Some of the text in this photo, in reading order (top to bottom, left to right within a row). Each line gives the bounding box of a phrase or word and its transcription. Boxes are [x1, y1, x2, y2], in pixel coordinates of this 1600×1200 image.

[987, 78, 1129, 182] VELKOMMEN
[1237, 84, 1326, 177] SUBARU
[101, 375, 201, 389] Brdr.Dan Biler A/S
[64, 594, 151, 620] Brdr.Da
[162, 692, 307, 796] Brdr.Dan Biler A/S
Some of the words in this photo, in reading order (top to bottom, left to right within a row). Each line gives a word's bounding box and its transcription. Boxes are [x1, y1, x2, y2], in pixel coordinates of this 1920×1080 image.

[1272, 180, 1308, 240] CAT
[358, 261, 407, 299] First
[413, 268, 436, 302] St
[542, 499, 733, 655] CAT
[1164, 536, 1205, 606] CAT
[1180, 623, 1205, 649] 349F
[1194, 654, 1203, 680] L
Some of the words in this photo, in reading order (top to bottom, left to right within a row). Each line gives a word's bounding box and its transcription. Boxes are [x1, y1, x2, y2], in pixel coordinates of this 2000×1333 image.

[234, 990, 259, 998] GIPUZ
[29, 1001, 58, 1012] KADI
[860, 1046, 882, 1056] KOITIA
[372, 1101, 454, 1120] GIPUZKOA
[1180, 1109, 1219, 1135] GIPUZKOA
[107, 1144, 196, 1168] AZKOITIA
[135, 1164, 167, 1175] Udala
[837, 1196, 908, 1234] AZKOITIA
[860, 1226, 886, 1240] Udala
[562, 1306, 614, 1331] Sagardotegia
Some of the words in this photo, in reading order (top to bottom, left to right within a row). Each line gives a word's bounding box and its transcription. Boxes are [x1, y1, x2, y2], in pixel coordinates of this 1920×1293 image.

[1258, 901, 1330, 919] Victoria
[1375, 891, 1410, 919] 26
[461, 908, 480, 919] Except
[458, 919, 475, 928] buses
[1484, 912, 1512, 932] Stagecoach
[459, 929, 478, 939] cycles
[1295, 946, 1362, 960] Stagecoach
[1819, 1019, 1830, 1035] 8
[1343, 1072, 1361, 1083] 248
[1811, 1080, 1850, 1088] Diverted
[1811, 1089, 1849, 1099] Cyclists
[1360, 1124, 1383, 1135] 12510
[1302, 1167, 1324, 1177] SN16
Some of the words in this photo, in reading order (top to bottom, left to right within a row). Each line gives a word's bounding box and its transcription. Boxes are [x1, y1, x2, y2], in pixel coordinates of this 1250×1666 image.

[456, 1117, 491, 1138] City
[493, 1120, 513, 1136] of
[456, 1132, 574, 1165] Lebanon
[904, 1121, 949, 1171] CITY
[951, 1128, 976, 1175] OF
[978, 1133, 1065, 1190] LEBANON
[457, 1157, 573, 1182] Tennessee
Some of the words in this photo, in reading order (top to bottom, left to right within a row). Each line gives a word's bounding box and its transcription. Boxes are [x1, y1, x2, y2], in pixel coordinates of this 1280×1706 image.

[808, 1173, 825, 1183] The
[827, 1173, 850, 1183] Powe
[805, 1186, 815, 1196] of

## To do
The full listing above needs to be given again exactly.

## Written solution
Some of the text in this photo, in reading order (top to bottom, left to right within a row). Each line gives the bounding box of a phrase or word and its transcription. Boxes are [x1, y1, x2, y2], in pixel coordinates of this 1600×1200 image.

[987, 78, 1129, 182] VELKOMMEN
[1237, 84, 1326, 177] SUBARU
[101, 375, 201, 389] Brdr.Dan Biler A/S
[64, 594, 151, 620] Brdr.Da
[162, 692, 307, 796] Brdr.Dan Biler A/S
Some of the words in this photo, in reading order (top to bottom, left to right within a row). Each line gives a word's bounding box and its transcription. Boxes are [x1, y1, x2, y2], in pixel coordinates of this 1920×1080 image.

[1272, 180, 1308, 240] CAT
[358, 261, 407, 299] First
[413, 268, 436, 302] St
[542, 499, 733, 655] CAT
[1164, 536, 1205, 606] CAT
[1180, 623, 1205, 649] 349F
[1194, 654, 1203, 680] L
Some of the words in this photo, in reading order (top to bottom, left to right within a row). Each line gives a word's bounding box and its transcription. Boxes are [x1, y1, x2, y2], in pixel coordinates of this 2000×1333 image.

[234, 990, 259, 998] GIPUZ
[29, 1001, 58, 1012] KADI
[860, 1046, 882, 1056] KOITIA
[372, 1101, 454, 1120] GIPUZKOA
[1180, 1109, 1219, 1135] GIPUZKOA
[107, 1144, 196, 1168] AZKOITIA
[135, 1164, 167, 1175] Udala
[837, 1196, 908, 1234] AZKOITIA
[860, 1226, 886, 1240] Udala
[562, 1306, 614, 1331] Sagardotegia
Some of the words in this photo, in reading order (top to bottom, left to right within a row). Each line gives a word's bounding box and its transcription. Boxes are [x1, y1, x2, y2], in pixel coordinates of this 1920×1293 image.

[1258, 901, 1330, 919] Victoria
[1375, 891, 1410, 919] 26
[461, 908, 480, 919] Except
[458, 919, 475, 928] buses
[1484, 912, 1512, 932] Stagecoach
[459, 929, 478, 939] cycles
[1295, 946, 1362, 960] Stagecoach
[1819, 1019, 1830, 1035] 8
[1343, 1072, 1361, 1083] 248
[1811, 1080, 1850, 1088] Diverted
[1811, 1089, 1849, 1099] Cyclists
[1360, 1124, 1383, 1135] 12510
[1302, 1167, 1324, 1177] SN16
Some of the words in this photo, in reading order (top to bottom, left to right within a row). Each line gives a word's bounding box and its transcription. Boxes are [x1, y1, x2, y2], in pixel coordinates of this 1250×1666 image.

[456, 1117, 491, 1138] City
[493, 1120, 513, 1136] of
[456, 1132, 574, 1165] Lebanon
[904, 1121, 949, 1171] CITY
[951, 1128, 976, 1175] OF
[978, 1133, 1065, 1190] LEBANON
[457, 1157, 573, 1182] Tennessee
Some of the words in this photo, in reading order (top to bottom, left to right within a row). Each line gives a word's bounding box and its transcription. Boxes are [x1, y1, x2, y2], in pixel coordinates of this 1280×1706 image.

[808, 1173, 825, 1183] The
[827, 1173, 850, 1183] Powe
[805, 1186, 815, 1196] of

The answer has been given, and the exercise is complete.